Было видно, что под конец он сам устыдился своих речей. Сначала, когда воспоминания обожгли его, он загорелся и заговорил, точно в жару, пылко изливая свою душу в таких словах, которые казались выше Фишкиного разумения. Речь лилась сама собой, он в это время забыл обо всем, что его окружает, и едва ли отдавал себе отчет в том, что говорит. Потом спохватился, прислушался к своим словам и, сам удивившись своему красноречию, смущенно умолк.
У кого из нас не бывает хоть раз в жизни такого светлого, счастливого часа, когда сами собой раскрываются уста и чистые, подлинно человеческие чувства изливаются подобно кипящей лаве из огнедышащей горы?
Ведь даже для Валаамовой ослицы[24] пришел час, когда она вдруг произнесла прекрасную речь. А что уж говорить о профессиональных ораторах!

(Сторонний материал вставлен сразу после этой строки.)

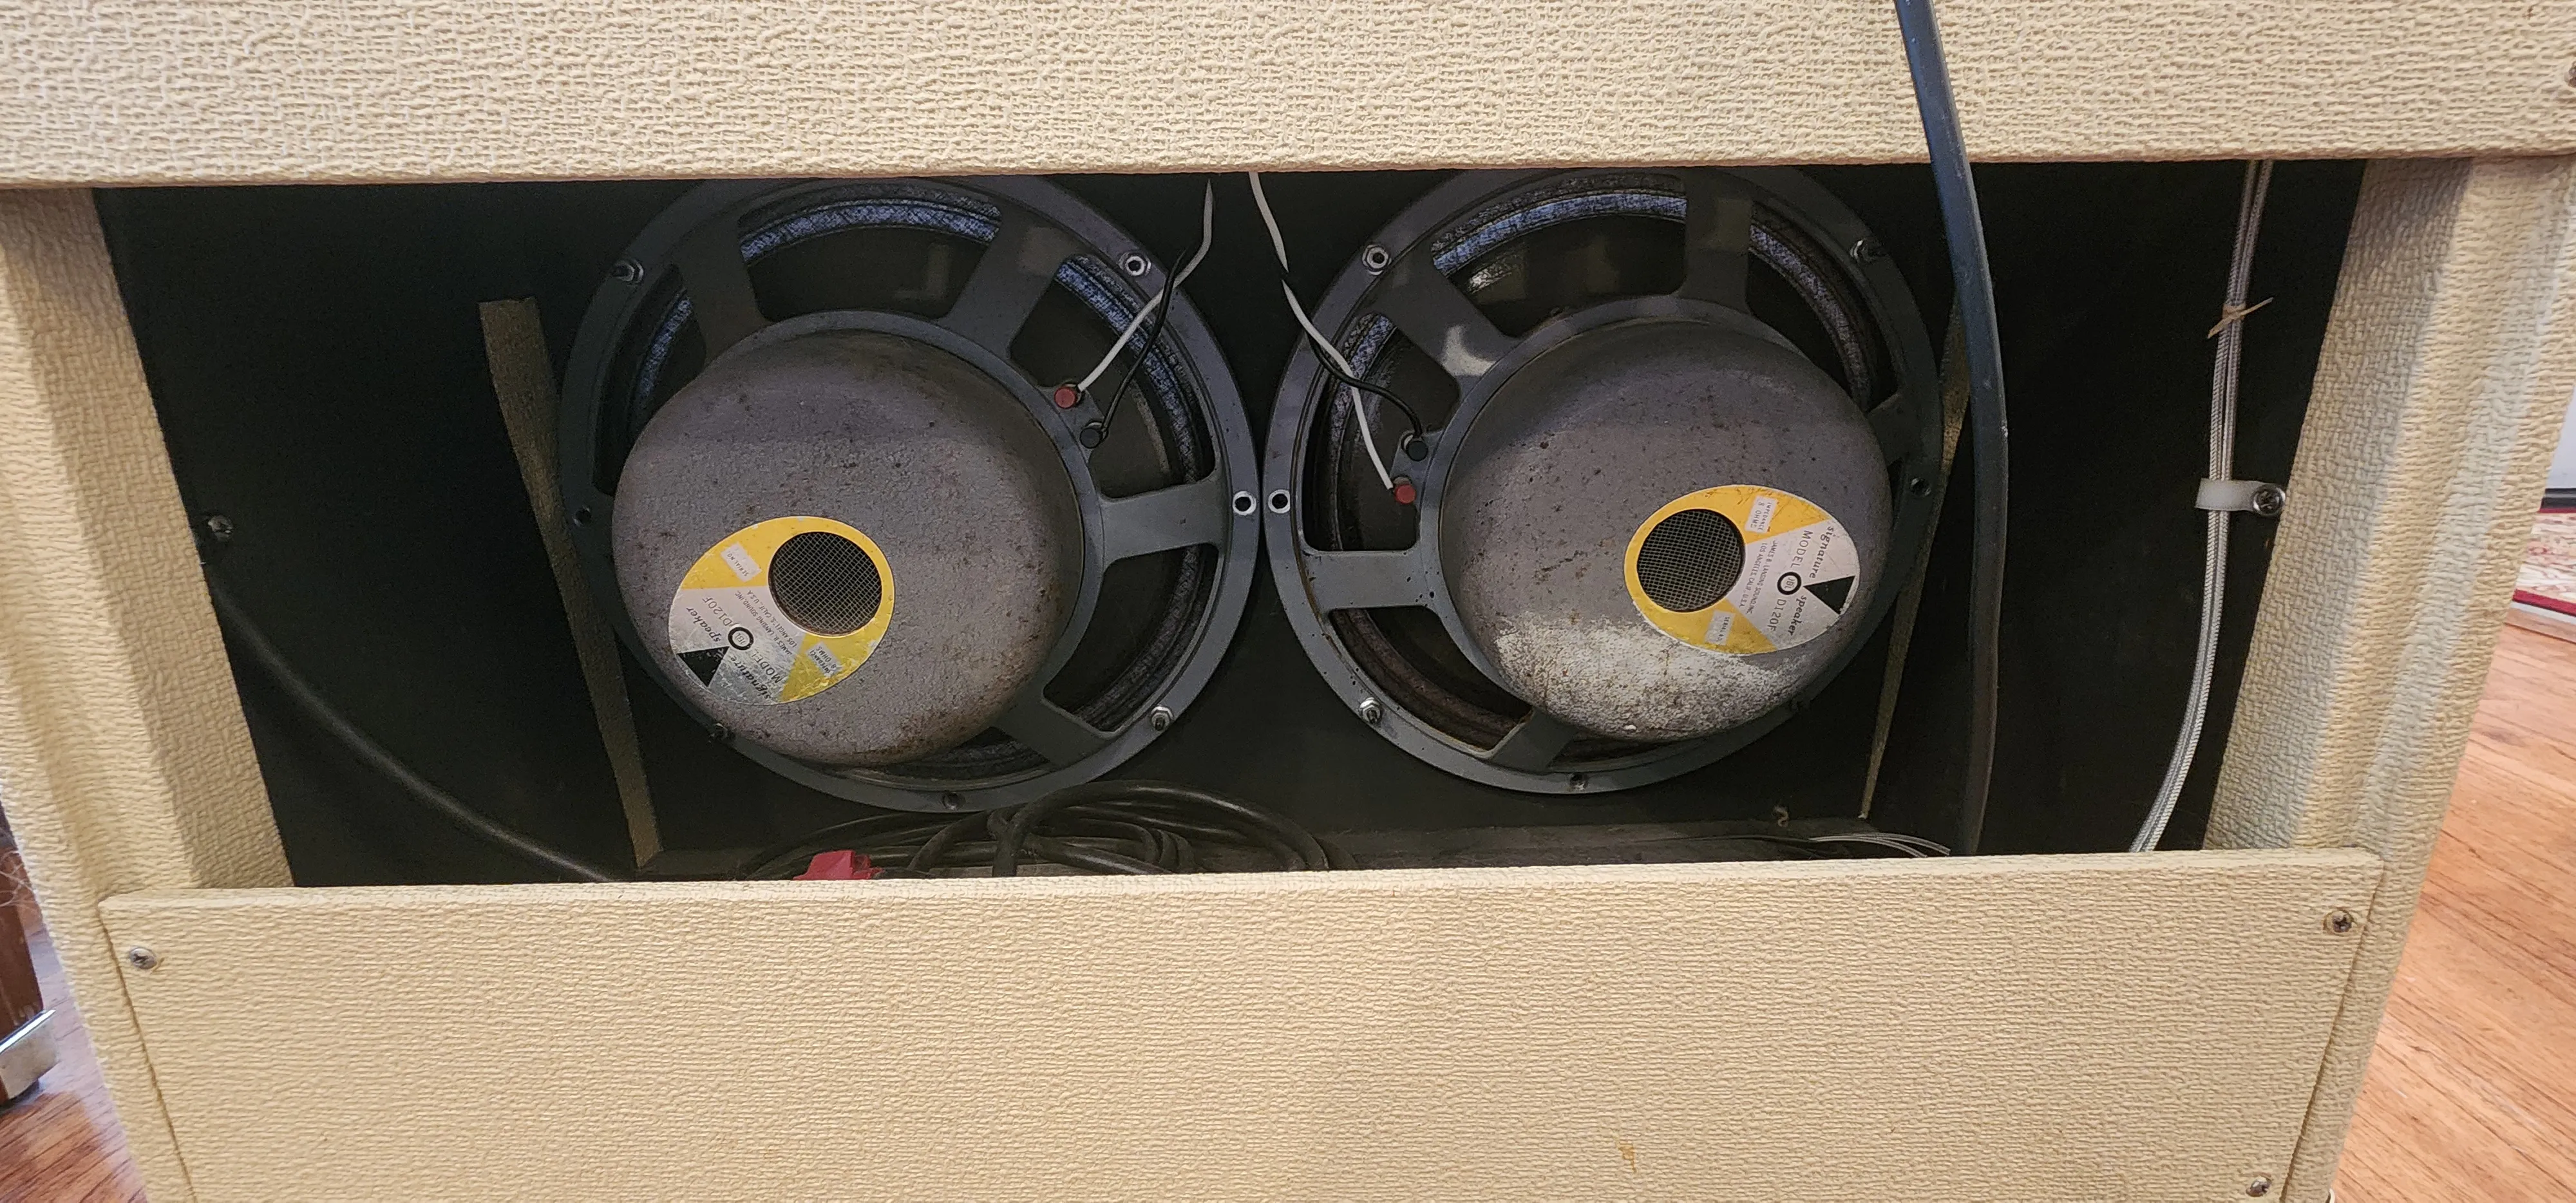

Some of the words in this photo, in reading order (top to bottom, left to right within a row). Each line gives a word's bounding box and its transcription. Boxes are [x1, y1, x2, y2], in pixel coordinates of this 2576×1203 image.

[1768, 540, 1777, 558] JAMES
[1790, 530, 1813, 568] MODEL
[1809, 526, 1835, 578] signature
[1784, 577, 1795, 589] JBL
[686, 607, 721, 642] speaker
[702, 597, 733, 626] D120F
[756, 616, 775, 636] LANSING
[1767, 598, 1786, 631] D120F
[1788, 595, 1806, 636] speaker
[777, 640, 793, 655] JAMES
[787, 638, 797, 647] LOS
[816, 646, 832, 662] OHMS
[730, 655, 771, 699] signature
[752, 649, 782, 683] MODEL
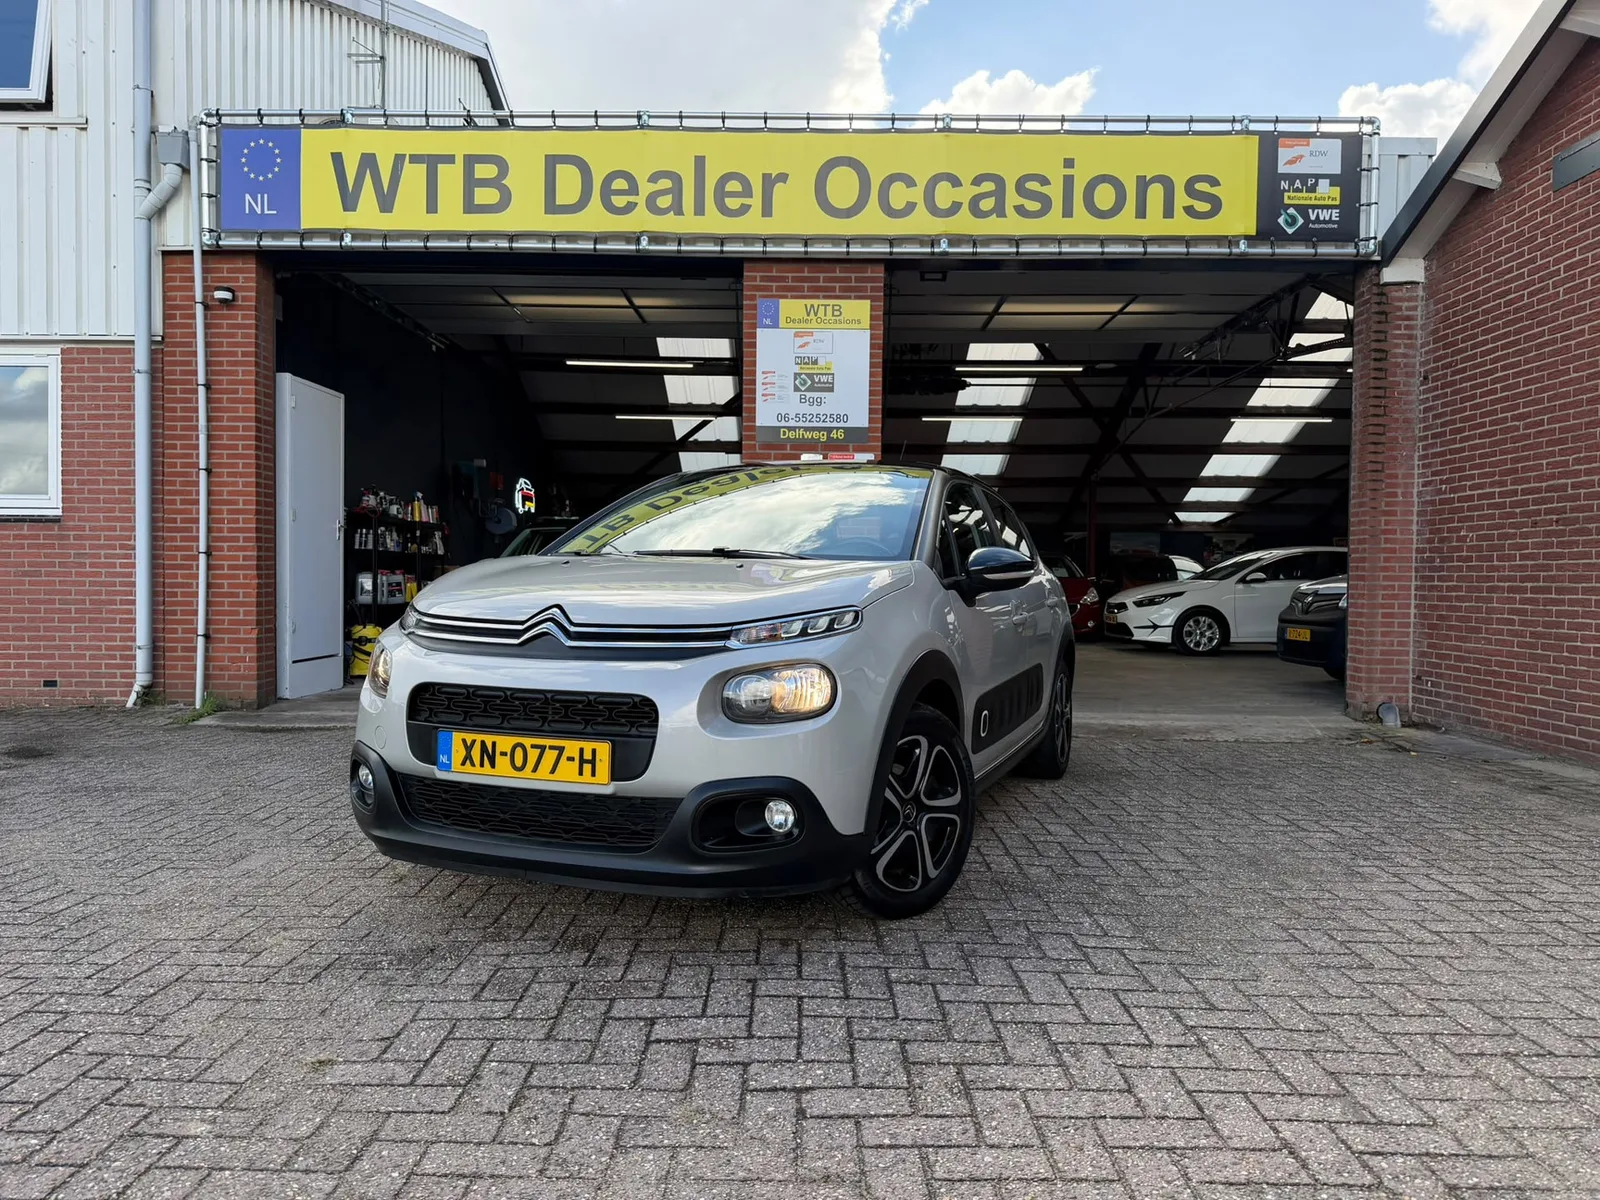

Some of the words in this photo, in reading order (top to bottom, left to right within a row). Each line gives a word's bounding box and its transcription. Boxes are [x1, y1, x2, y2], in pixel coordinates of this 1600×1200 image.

[329, 152, 513, 216] WTB
[543, 154, 789, 219] Dealer
[813, 155, 1224, 220] Occasions
[244, 193, 277, 215] NL
[1287, 194, 1312, 202] Nationale
[1313, 194, 1326, 202] Auto
[1308, 209, 1340, 220] VWE
[804, 304, 843, 317] WTB
[785, 317, 813, 325] Dealer
[814, 317, 862, 325] Occasions
[813, 374, 834, 383] VWE
[799, 394, 827, 406] Bgg:
[776, 412, 849, 424] 06-55252580
[780, 428, 828, 442] Delfweg
[830, 429, 845, 439] 46
[439, 755, 450, 764] NL
[460, 738, 597, 778] XN-077-H
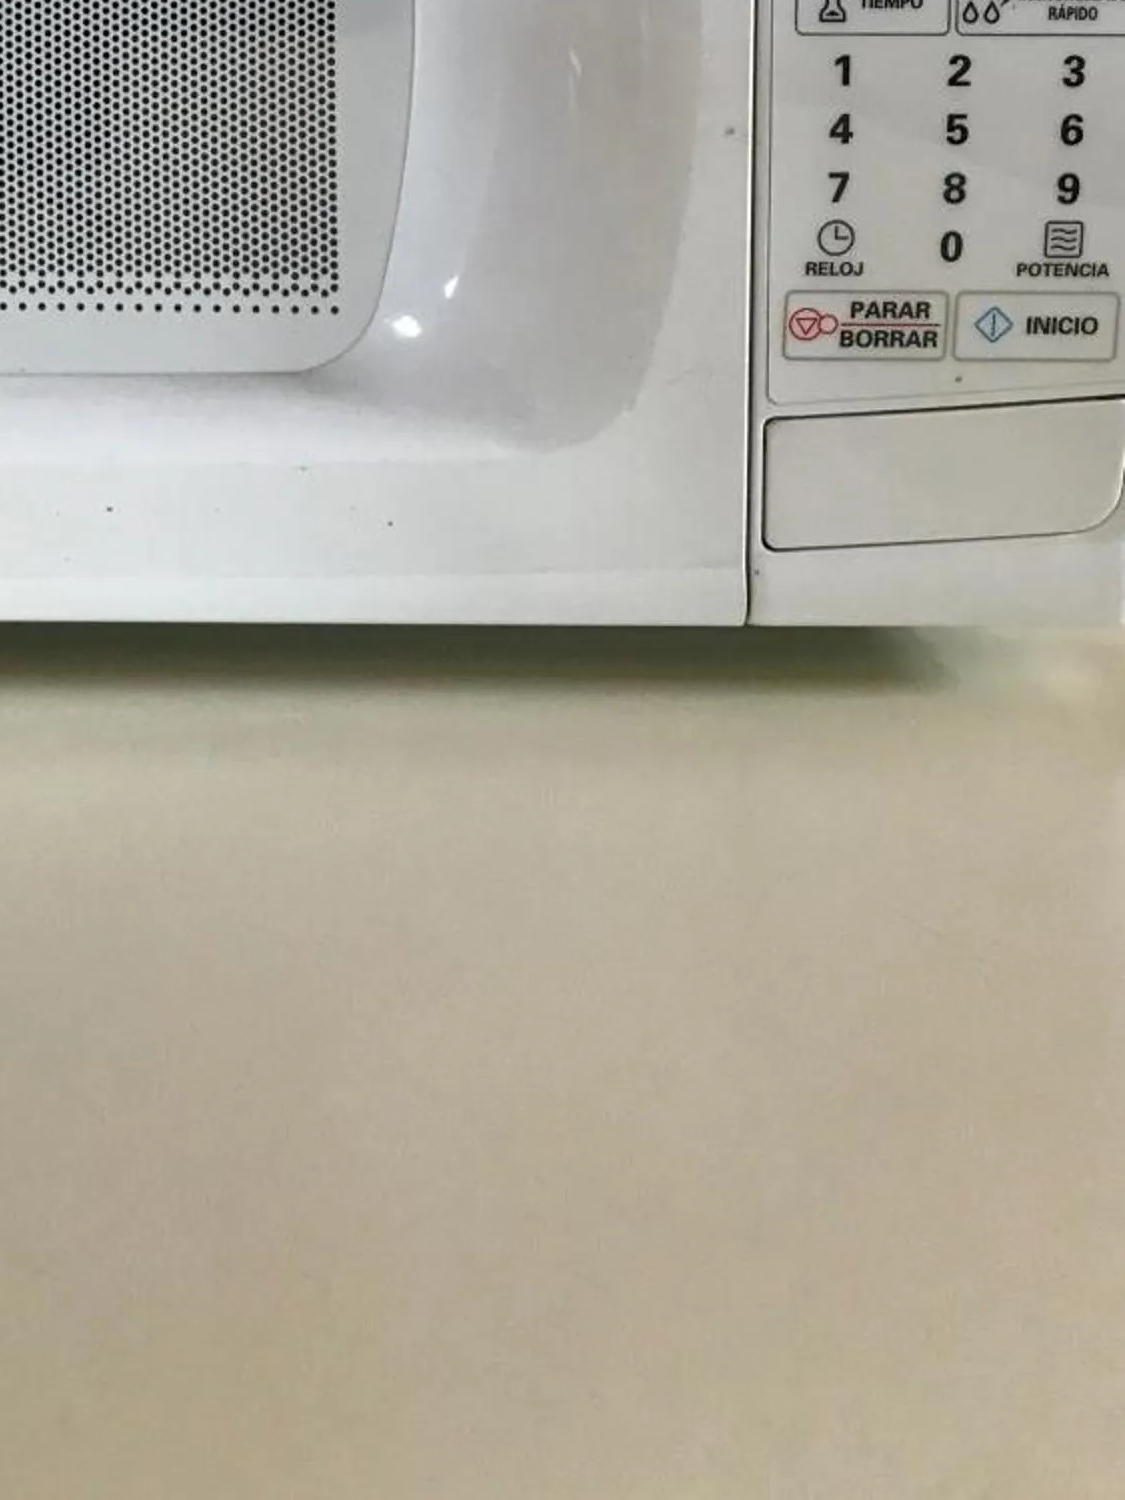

Нередко бывает так, что пустослов, обычно жующий жвачку, вечно болтающий глупости, которые и слушать совестно, вдруг вдохновится и помимо собственного желания скажет что-либо толковое, так что и слушатели и сам он собственной персоной потом только диву даются, Самый бездарный кантор, кочерыжка, рулады и дикие завывания которого слушать тошно, и тот иной раз, случается, запоет с подъемом, с огоньком и блестяще исполнит праздничную молитву.
Но минет счастливый час — и ослица по-прежнему остается ослицей, оратор — болтуном, а кантор, с позволения сказать, — кочерыжкой… Однако не в этом суть.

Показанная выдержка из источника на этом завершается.